Dios Sabe lo que Hace
- Alberto Mario Ferrer Rodriguez
- 7 may 2024
- 2 Min. de lectura
La Biblia en un año:
Hechos 4:23-37 / Deuteronomio 21-22 / Job 14
“Ciertamente Dios es bueno para con Israel, para con los puros de corazón. En cuanto a mí, mis pies estuvieron a punto de tropezar, casi resbalaron mis pasos. Porque tuve envidia de los arrogantes al ver la prosperidad de los impíos”
Salmo 73:1-3
Este salmo nos dice que fue escrito por el gran cantor y músico de la era de David y Salomón, Asaf.

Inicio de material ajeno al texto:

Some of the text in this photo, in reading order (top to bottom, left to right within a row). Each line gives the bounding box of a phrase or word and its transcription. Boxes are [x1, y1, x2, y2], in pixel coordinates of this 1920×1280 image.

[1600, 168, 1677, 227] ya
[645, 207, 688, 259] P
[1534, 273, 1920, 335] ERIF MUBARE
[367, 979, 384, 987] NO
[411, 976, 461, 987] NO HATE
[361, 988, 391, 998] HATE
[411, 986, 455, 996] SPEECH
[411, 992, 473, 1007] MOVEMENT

Asaf comienza este salmo con una simple declaración de la bondad de Dios para con su pueblo. Con esto indica que entendía no solo que Dios era bueno, sino que mostraba activamente esa bondad a Israel y a los limpios de corazón.

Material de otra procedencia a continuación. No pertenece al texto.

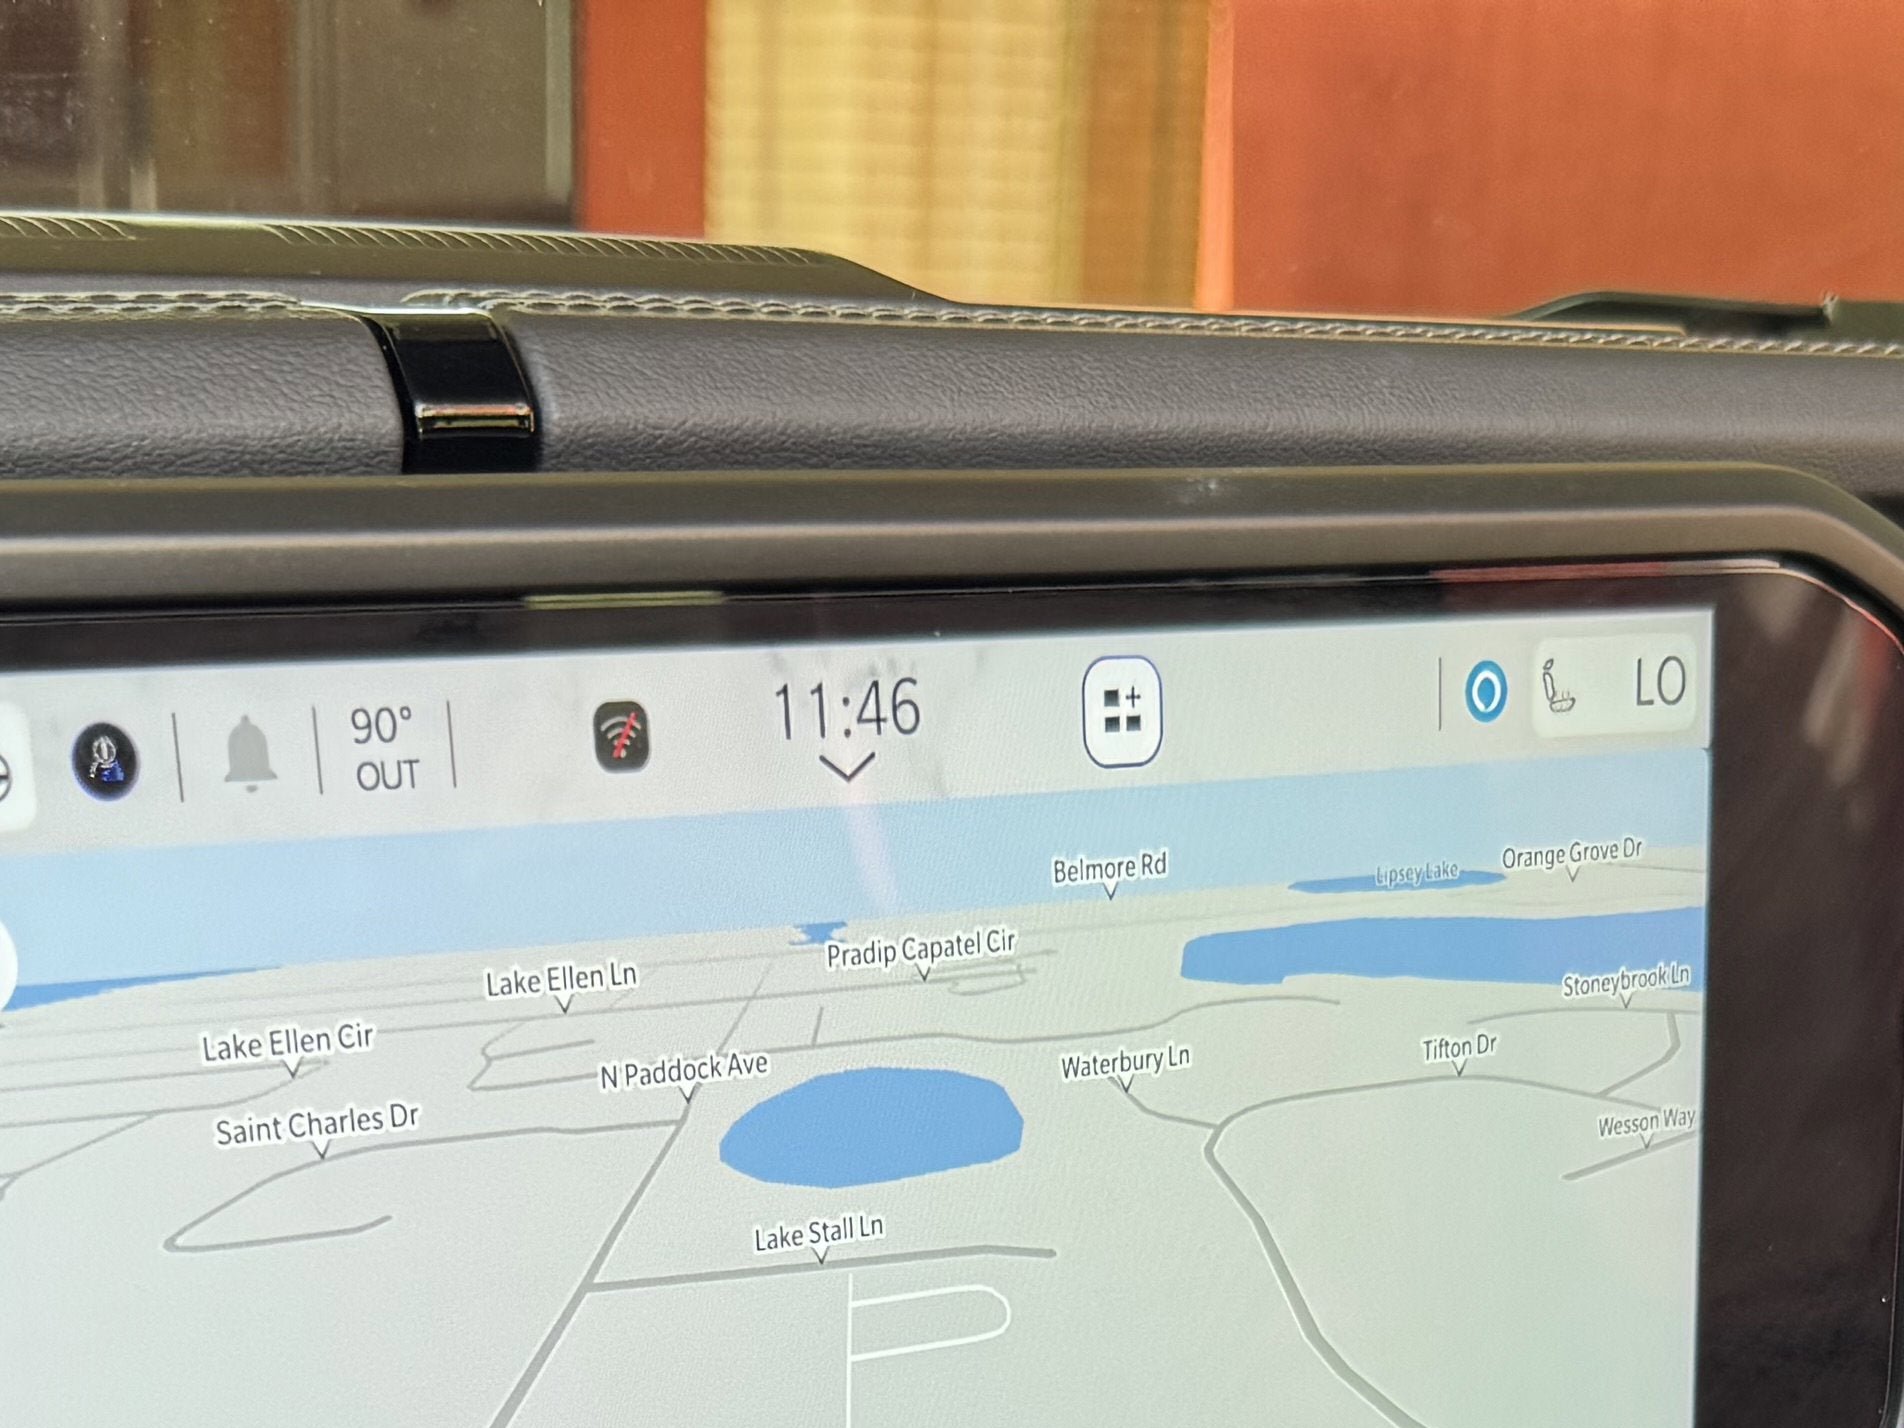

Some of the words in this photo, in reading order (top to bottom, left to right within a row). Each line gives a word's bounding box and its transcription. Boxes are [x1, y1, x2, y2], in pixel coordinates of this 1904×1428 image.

[1636, 655, 1687, 707] LO
[350, 705, 413, 744] 90°
[775, 676, 921, 740] 11:46
[355, 759, 421, 793] OUT
[1053, 856, 1137, 886] Belmore
[1141, 850, 1168, 878] Rd
[1376, 865, 1423, 887] Lipsey
[1426, 861, 1459, 881] Lake
[1502, 847, 1566, 873] Orange
[1569, 841, 1619, 863] Grove
[1623, 837, 1643, 860] Dr
[826, 940, 897, 970] Pradip
[901, 932, 984, 967] Capatel
[987, 929, 1016, 954] Cir
[485, 967, 542, 999] Lake
[547, 964, 604, 994] Ellen
[610, 961, 637, 989] Ln
[1563, 968, 1669, 999] Stoneybrook
[1671, 964, 1691, 985] Ln
[201, 1031, 263, 1064] Lake
[268, 1027, 332, 1057] Ellen
[338, 1023, 375, 1051] Cir
[1061, 1049, 1165, 1081] Waterbury
[1167, 1044, 1190, 1069] Ln
[1423, 1037, 1473, 1062] Tifton
[1476, 1033, 1497, 1055] Dr
[600, 1064, 618, 1091] N
[623, 1057, 721, 1090] Paddock
[726, 1051, 769, 1079] Ave
[215, 1117, 283, 1149] Saint
[287, 1107, 384, 1140] Charles
[388, 1103, 420, 1131] Dr
[1598, 1112, 1659, 1138] Wesson
[1663, 1108, 1696, 1131] Way
[753, 1221, 802, 1253] Lake
[807, 1217, 855, 1249] Stall
[859, 1212, 884, 1240] Ln

Asaf sabía que lo que dijo acerca de Dios en el primer versículo era verdad; sin embargo, había otra verdad que lo perturbaba mucho. Algo que por poco lo hizo tropezar; hizo que sus pasos casi resbalaran.
Asaf sabía de Dios como se declara en el primer versículo. Sabía que Dios era bueno… con Israel y con los limpios de corazón, pero también parecía que Dios era bueno con los arrogantes y con los impíos. Esto le parecía muy injusto a Asaf, y esto hace que por poco tropezara y cayera.
Asaf vio la misma evidencia preocupante que muchos ven todos los días en sus propias vidas. Mucha gente no puede negar que Dios es bueno con ellos; pero también parece que Dios es bueno – quizás demasiado bueno – con los arrogantes y los impíos. Entonces es fácil envidiar a los impíos y su prosperidad, al perder de vista su destino eterno.
Dios te bendiga, centra tu mirada en el Señor, no mires al mundo y lo que hay en él, mira las cosas de arriba y hazte tesoros en el Cielo, dónde no se corrompen, y no son robados; nos dirigimos a una morada celestial hecha por el Creador mismo, fuerte abrazo.